- **GOAL OF THE EXERCISE**:
Write the entries below out again exactly; any picture in them stays out.

Top of DATASET EXCERPTS

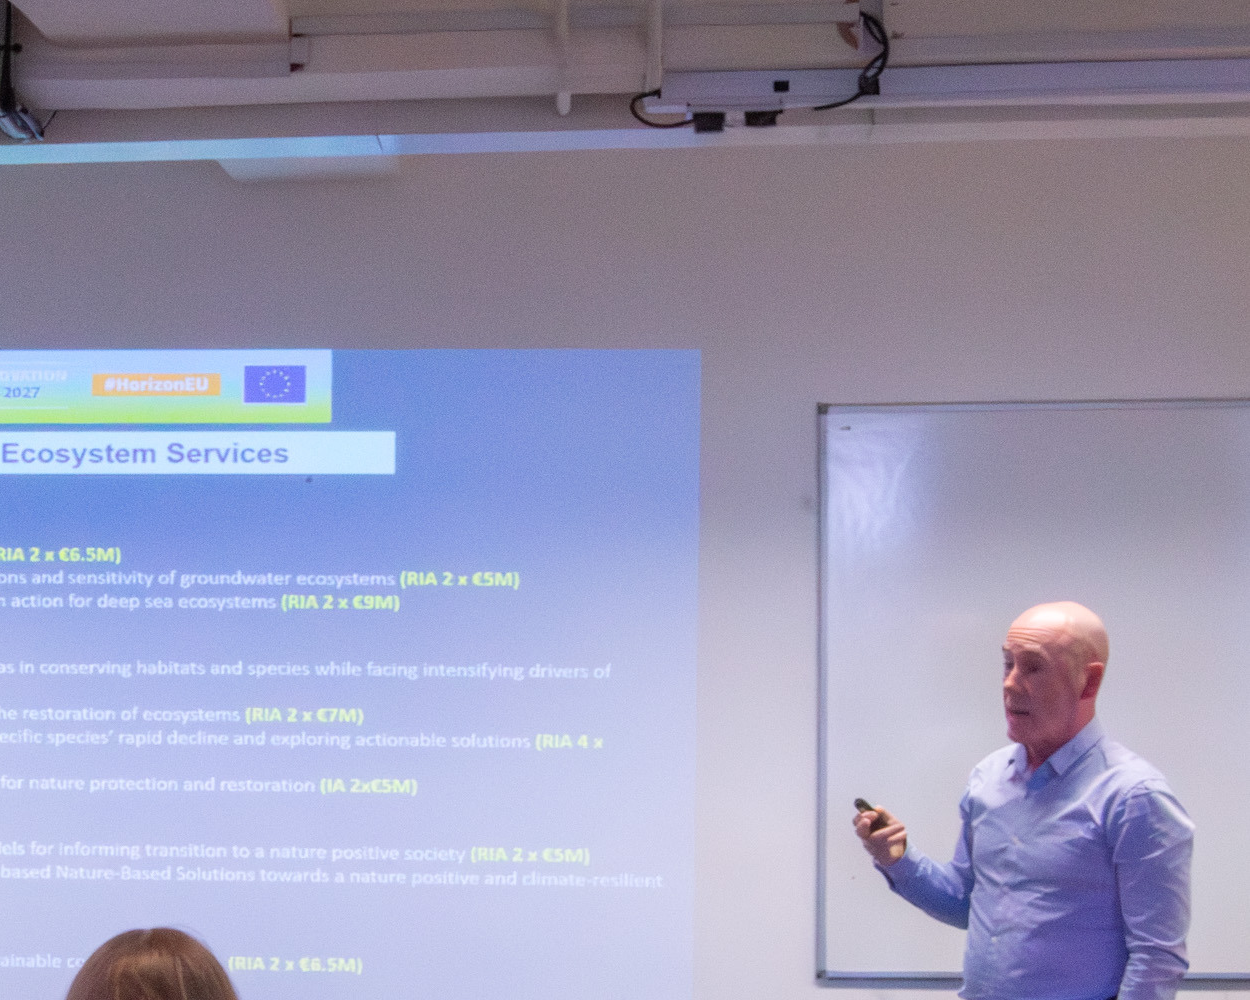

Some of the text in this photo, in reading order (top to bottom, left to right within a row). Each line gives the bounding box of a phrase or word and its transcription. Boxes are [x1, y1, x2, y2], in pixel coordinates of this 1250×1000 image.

[3, 386, 41, 399] 2027
[103, 376, 209, 392] #HorizonEU
[1, 443, 157, 469] Ecosystem
[166, 442, 289, 464] Services
[68, 570, 154, 588] sensitivity
[181, 570, 290, 588] groundwater
[296, 572, 394, 588] ecosystems
[400, 570, 438, 588] (RIA
[11, 593, 63, 608] action
[97, 594, 140, 611] deep
[144, 597, 173, 608] sea
[178, 595, 275, 611] ecosystems
[281, 593, 318, 611] (RIA
[39, 660, 132, 678] conserving
[136, 660, 206, 675] habitats
[247, 661, 310, 679] species
[314, 661, 362, 676] while
[366, 662, 418, 680] facing
[422, 662, 523, 680] intensifying
[529, 663, 588, 678] drivers
[22, 706, 116, 721] restoration
[142, 707, 239, 724] ecosystems
[245, 706, 282, 724] (RIA
[118, 730, 162, 747] rapid
[167, 730, 228, 745] decline
[270, 731, 350, 749] exploring
[356, 732, 445, 747] actionable
[451, 732, 529, 748] solutions
[535, 733, 573, 751] (RIA
[29, 776, 85, 790] nature
[90, 776, 178, 794] protection
[220, 777, 314, 792] restoration
[58, 841, 140, 860] informing
[145, 842, 227, 858] transition
[270, 845, 326, 859] nature
[332, 844, 398, 862] positive
[404, 845, 464, 863] society
[54, 864, 172, 881] Nature-Based
[175, 866, 255, 882] Solutions
[259, 867, 329, 883] towards
[349, 870, 406, 884] nature
[411, 869, 479, 887] positive
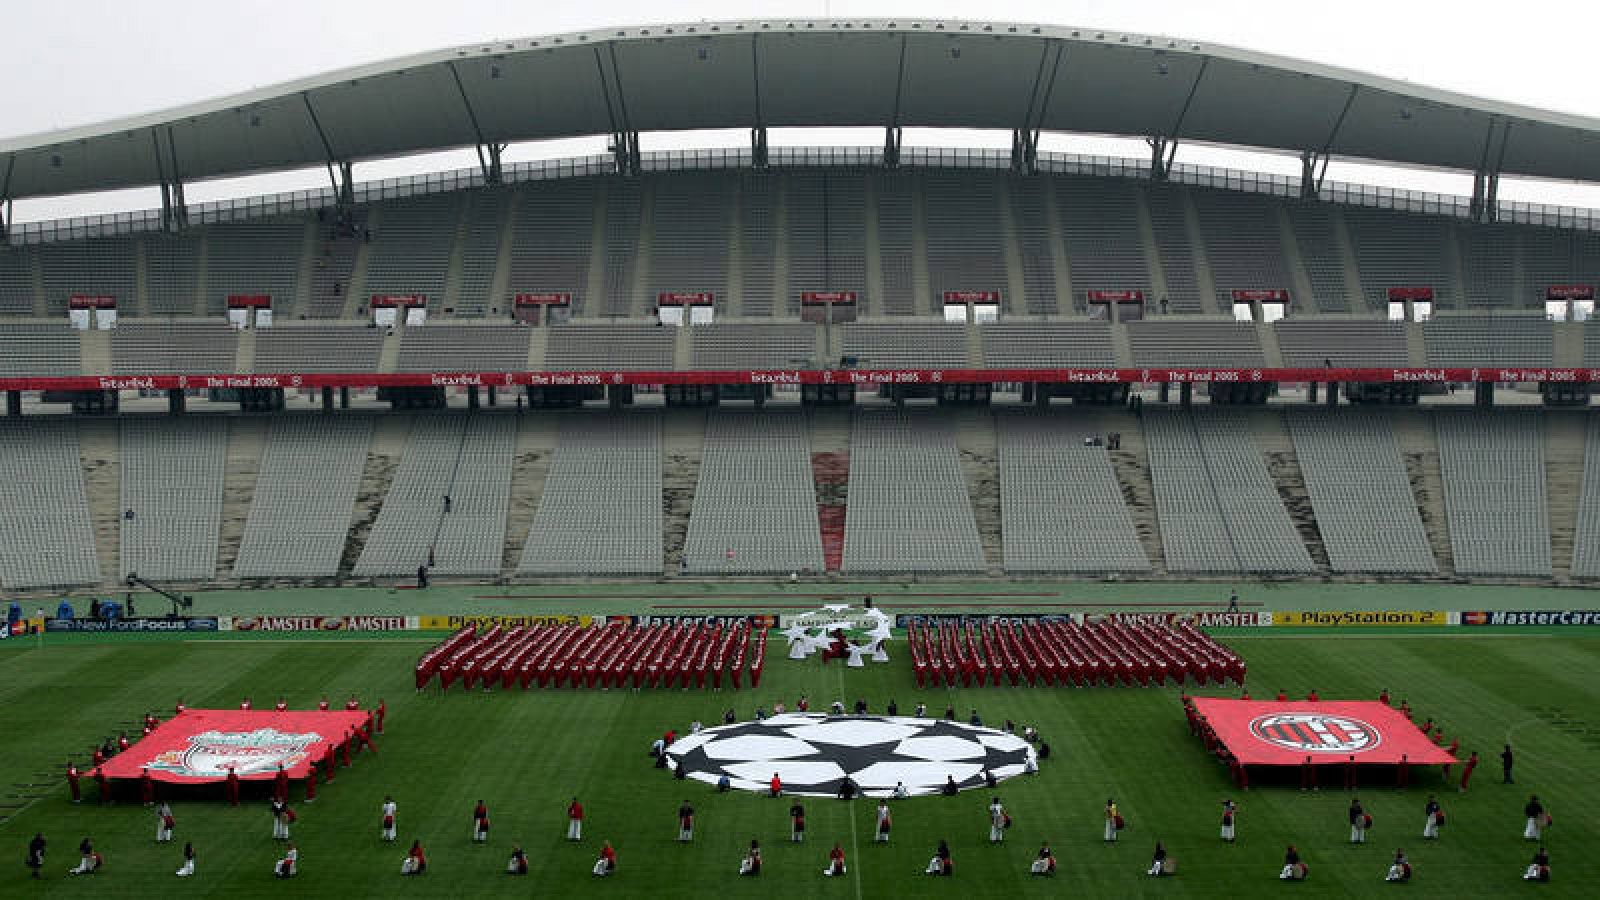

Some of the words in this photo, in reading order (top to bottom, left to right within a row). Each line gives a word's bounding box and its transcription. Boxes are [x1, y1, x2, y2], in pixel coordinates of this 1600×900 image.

Bottom of DATASET EXCERPTS

- **TASK SOLUTION**:
Some of the text in this photo, in reading order (top to bottom, left to right within a row). Each line gives the bounding box of a phrase or word and its transcription. Boxes are [x1, y1, x2, y2], in pixel coordinates of this 1250×1000 image.

[3, 386, 41, 399] 2027
[103, 376, 209, 392] #HorizonEU
[1, 443, 157, 469] Ecosystem
[166, 442, 289, 464] Services
[68, 570, 154, 588] sensitivity
[181, 570, 290, 588] groundwater
[296, 572, 394, 588] ecosystems
[400, 570, 438, 588] (RIA
[11, 593, 63, 608] action
[97, 594, 140, 611] deep
[144, 597, 173, 608] sea
[178, 595, 275, 611] ecosystems
[281, 593, 318, 611] (RIA
[39, 660, 132, 678] conserving
[136, 660, 206, 675] habitats
[247, 661, 310, 679] species
[314, 661, 362, 676] while
[366, 662, 418, 680] facing
[422, 662, 523, 680] intensifying
[529, 663, 588, 678] drivers
[22, 706, 116, 721] restoration
[142, 707, 239, 724] ecosystems
[245, 706, 282, 724] (RIA
[118, 730, 162, 747] rapid
[167, 730, 228, 745] decline
[270, 731, 350, 749] exploring
[356, 732, 445, 747] actionable
[451, 732, 529, 748] solutions
[535, 733, 573, 751] (RIA
[29, 776, 85, 790] nature
[90, 776, 178, 794] protection
[220, 777, 314, 792] restoration
[58, 841, 140, 860] informing
[145, 842, 227, 858] transition
[270, 845, 326, 859] nature
[332, 844, 398, 862] positive
[404, 845, 464, 863] society
[54, 864, 172, 881] Nature-Based
[175, 866, 255, 882] Solutions
[259, 867, 329, 883] towards
[349, 870, 406, 884] nature
[411, 869, 479, 887] positive

Some of the words in this photo, in reading order (top to bottom, left to right within a row). Each line gives a word's bounding box and its transcription. Boxes are [x1, y1, x2, y2], in pixel coordinates of this 1600×900 image.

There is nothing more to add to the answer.